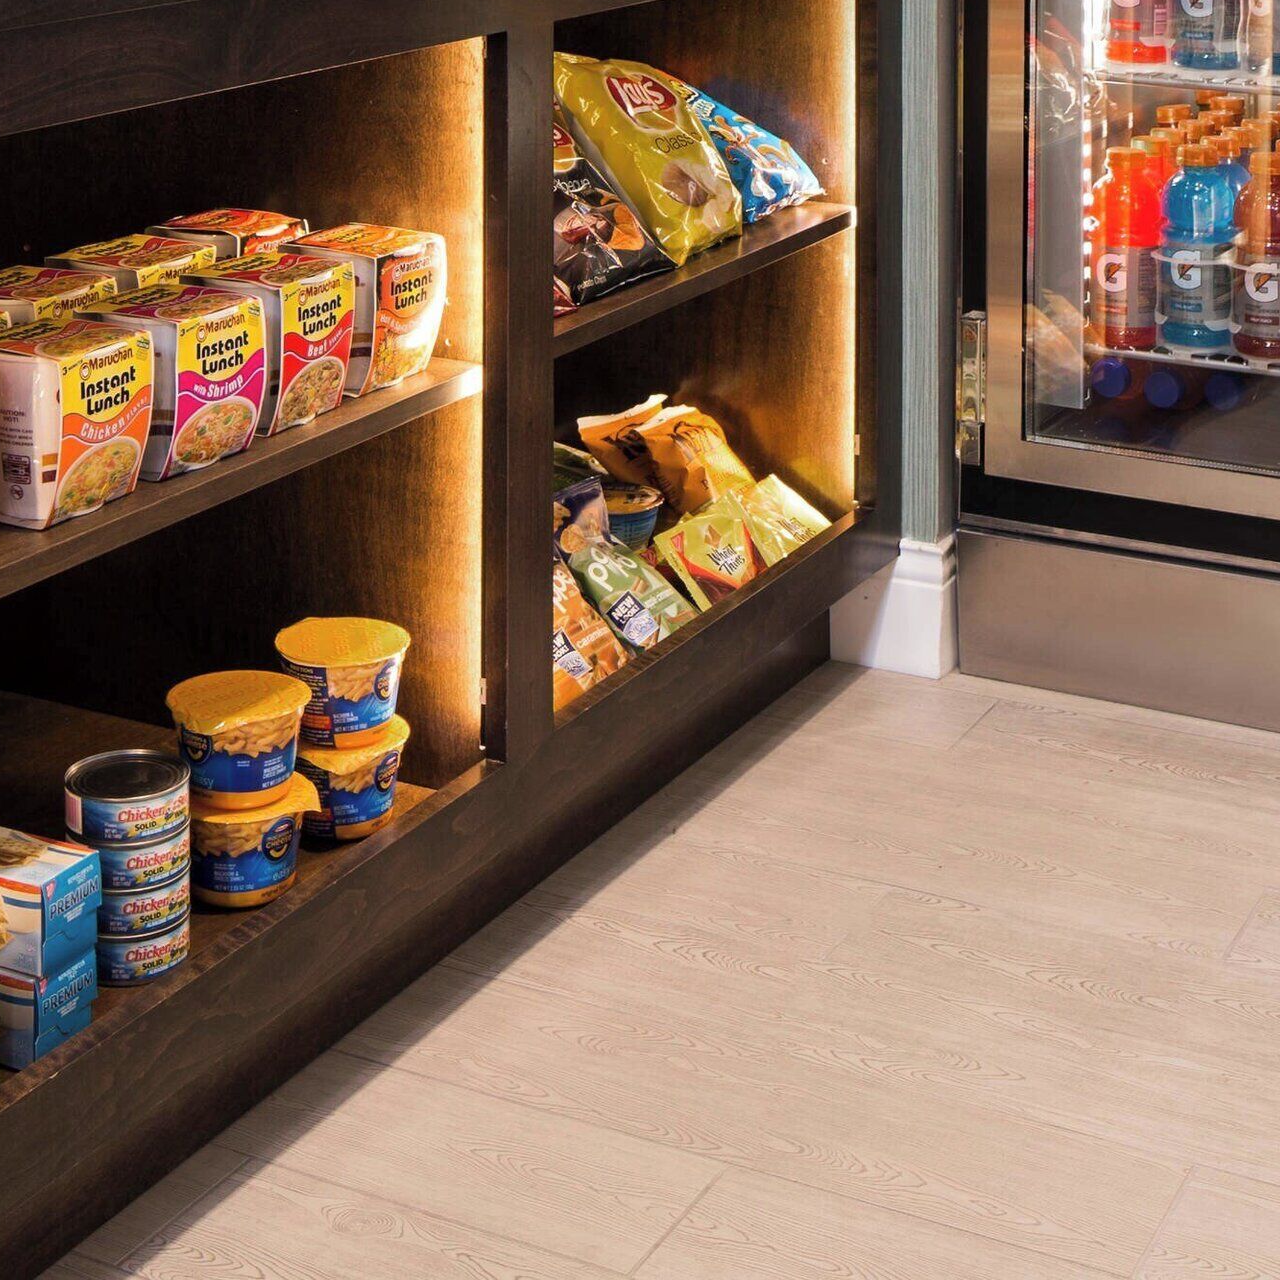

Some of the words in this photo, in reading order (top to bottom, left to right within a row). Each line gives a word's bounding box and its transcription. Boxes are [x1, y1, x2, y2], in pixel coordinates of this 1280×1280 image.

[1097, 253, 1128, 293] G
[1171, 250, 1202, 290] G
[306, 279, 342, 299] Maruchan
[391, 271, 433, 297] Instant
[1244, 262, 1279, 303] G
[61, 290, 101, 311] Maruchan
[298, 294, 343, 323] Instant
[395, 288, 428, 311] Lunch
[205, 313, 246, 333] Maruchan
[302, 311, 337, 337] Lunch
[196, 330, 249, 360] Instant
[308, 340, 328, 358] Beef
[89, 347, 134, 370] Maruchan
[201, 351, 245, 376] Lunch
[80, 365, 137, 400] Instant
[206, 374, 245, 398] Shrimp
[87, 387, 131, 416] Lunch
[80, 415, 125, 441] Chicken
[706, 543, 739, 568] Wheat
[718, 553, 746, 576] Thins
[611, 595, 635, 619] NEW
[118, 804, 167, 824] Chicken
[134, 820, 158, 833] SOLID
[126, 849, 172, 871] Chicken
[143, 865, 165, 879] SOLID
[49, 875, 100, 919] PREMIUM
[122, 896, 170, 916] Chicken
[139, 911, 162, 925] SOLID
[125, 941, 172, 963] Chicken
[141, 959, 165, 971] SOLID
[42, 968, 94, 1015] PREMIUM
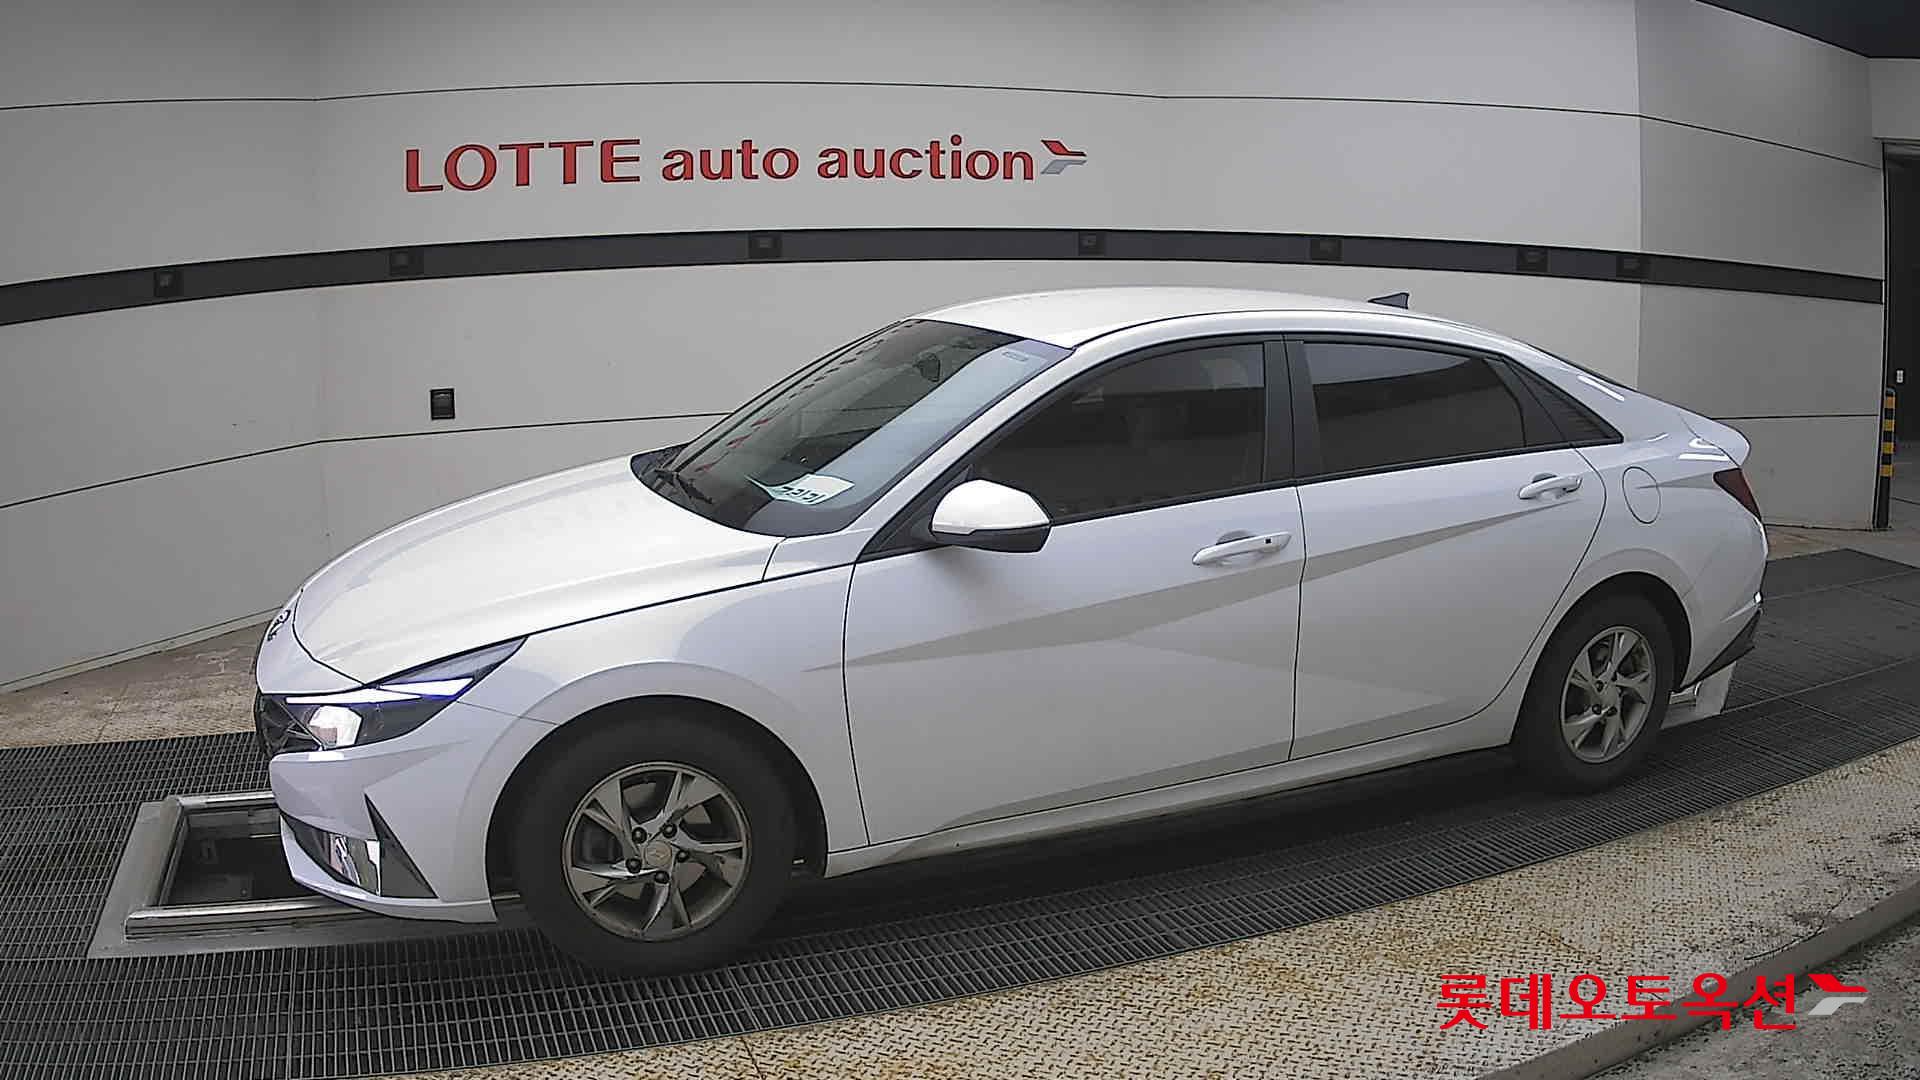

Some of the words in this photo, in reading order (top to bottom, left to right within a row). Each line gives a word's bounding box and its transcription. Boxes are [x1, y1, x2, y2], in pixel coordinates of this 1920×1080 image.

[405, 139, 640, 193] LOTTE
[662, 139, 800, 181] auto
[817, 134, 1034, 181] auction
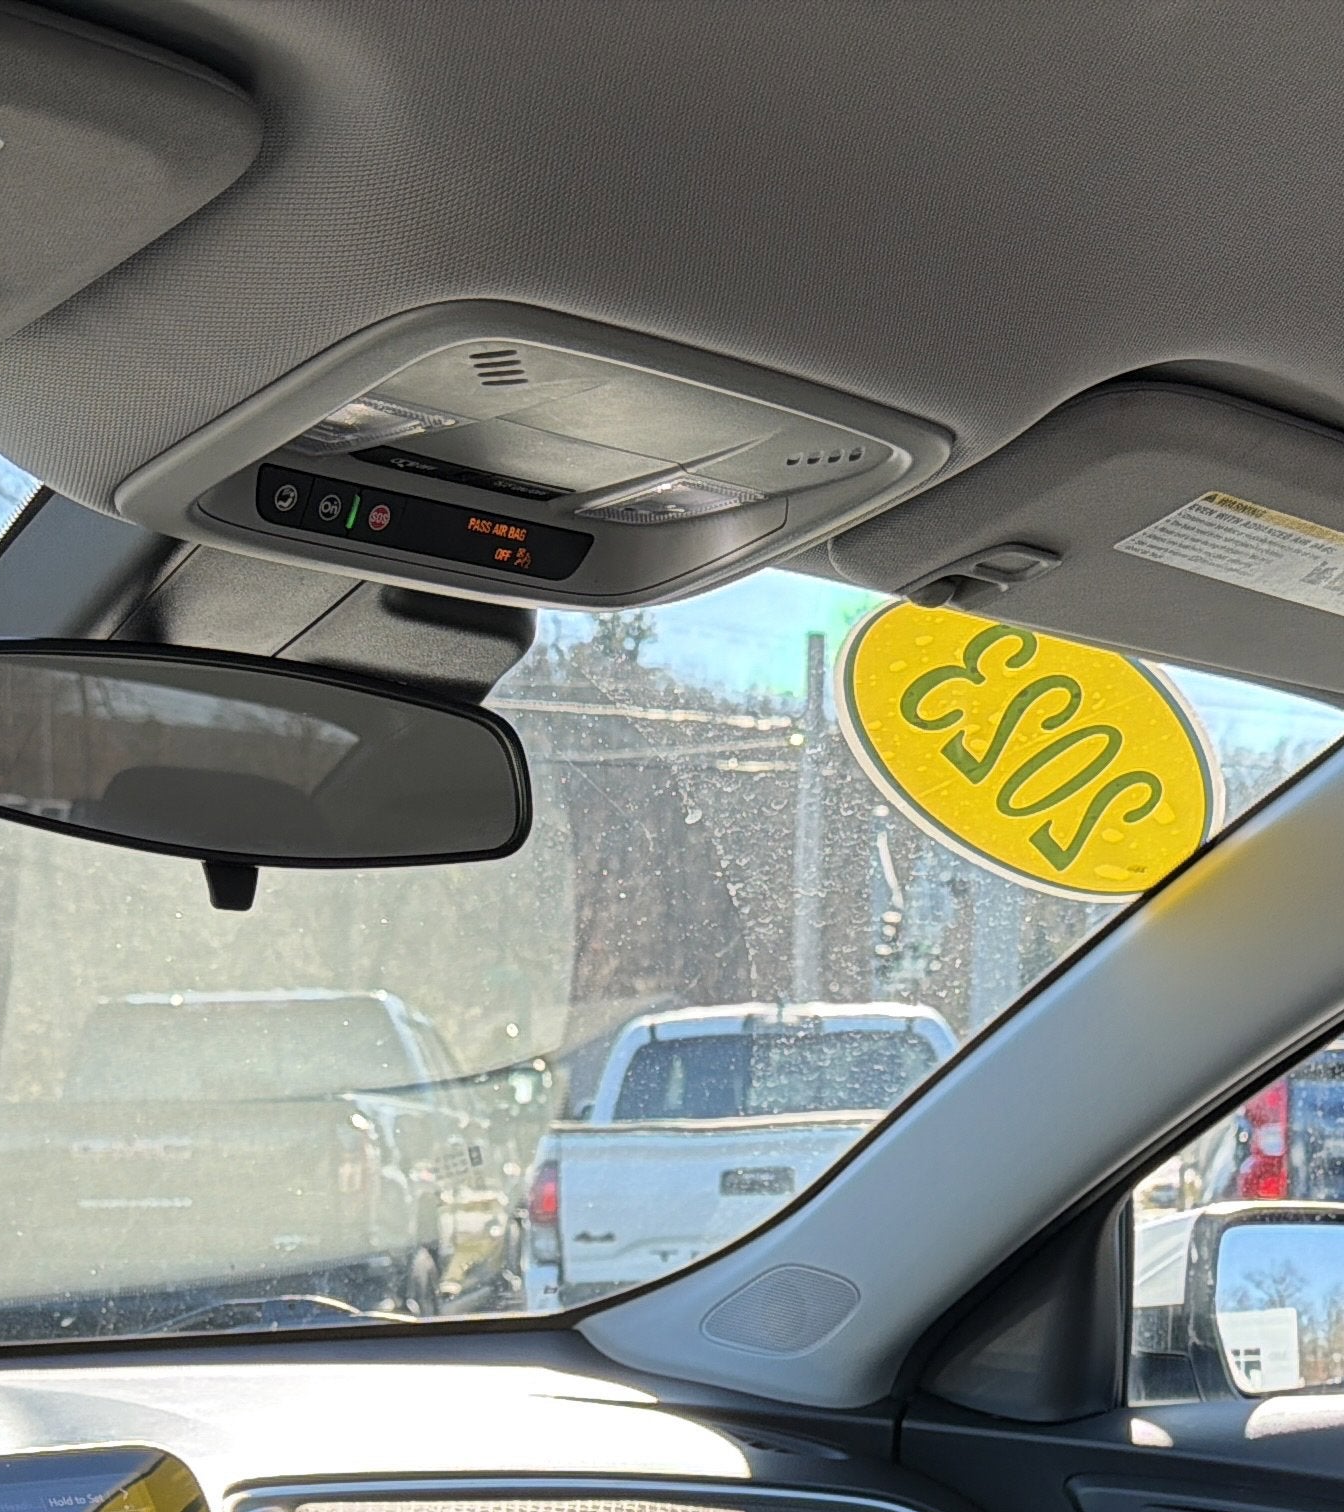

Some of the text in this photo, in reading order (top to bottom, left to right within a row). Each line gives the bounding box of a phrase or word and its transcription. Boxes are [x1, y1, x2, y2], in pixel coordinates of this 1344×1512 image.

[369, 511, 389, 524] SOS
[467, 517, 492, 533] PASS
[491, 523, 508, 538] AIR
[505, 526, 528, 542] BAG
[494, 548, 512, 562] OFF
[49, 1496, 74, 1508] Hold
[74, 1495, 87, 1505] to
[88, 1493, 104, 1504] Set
────────────────────────────────────────
(Instructions for the task):
Set down all of the entries exactly. Leave the pictures out.

(Result of this task):
Some of the words in this photo, in reading order (top to bottom, left to right within a row). Each line gives a word's bounding box and its transcription. Boxes are [x1, y1, x2, y2], in pixel coordinates of this 1280×1280 image.

[1097, 253, 1128, 293] G
[1171, 250, 1202, 290] G
[306, 279, 342, 299] Maruchan
[391, 271, 433, 297] Instant
[1244, 262, 1279, 303] G
[61, 290, 101, 311] Maruchan
[298, 294, 343, 323] Instant
[395, 288, 428, 311] Lunch
[205, 313, 246, 333] Maruchan
[302, 311, 337, 337] Lunch
[196, 330, 249, 360] Instant
[308, 340, 328, 358] Beef
[89, 347, 134, 370] Maruchan
[201, 351, 245, 376] Lunch
[80, 365, 137, 400] Instant
[206, 374, 245, 398] Shrimp
[87, 387, 131, 416] Lunch
[80, 415, 125, 441] Chicken
[706, 543, 739, 568] Wheat
[718, 553, 746, 576] Thins
[611, 595, 635, 619] NEW
[118, 804, 167, 824] Chicken
[134, 820, 158, 833] SOLID
[126, 849, 172, 871] Chicken
[143, 865, 165, 879] SOLID
[49, 875, 100, 919] PREMIUM
[122, 896, 170, 916] Chicken
[139, 911, 162, 925] SOLID
[125, 941, 172, 963] Chicken
[141, 959, 165, 971] SOLID
[42, 968, 94, 1015] PREMIUM

Some of the words in this photo, in reading order (top to bottom, left to right within a row). Each line gives a word's bounding box and its transcription. Boxes are [x1, y1, x2, y2], in pixel coordinates of this 1920×1080 image.

[405, 139, 640, 193] LOTTE
[662, 139, 800, 181] auto
[817, 134, 1034, 181] auction

Some of the text in this photo, in reading order (top to bottom, left to right within a row). Each line gives the bounding box of a phrase or word and its transcription. Boxes are [x1, y1, x2, y2], in pixel coordinates of this 1344×1512 image.

[369, 511, 389, 524] SOS
[467, 517, 492, 533] PASS
[491, 523, 508, 538] AIR
[505, 526, 528, 542] BAG
[494, 548, 512, 562] OFF
[49, 1496, 74, 1508] Hold
[74, 1495, 87, 1505] to
[88, 1493, 104, 1504] Set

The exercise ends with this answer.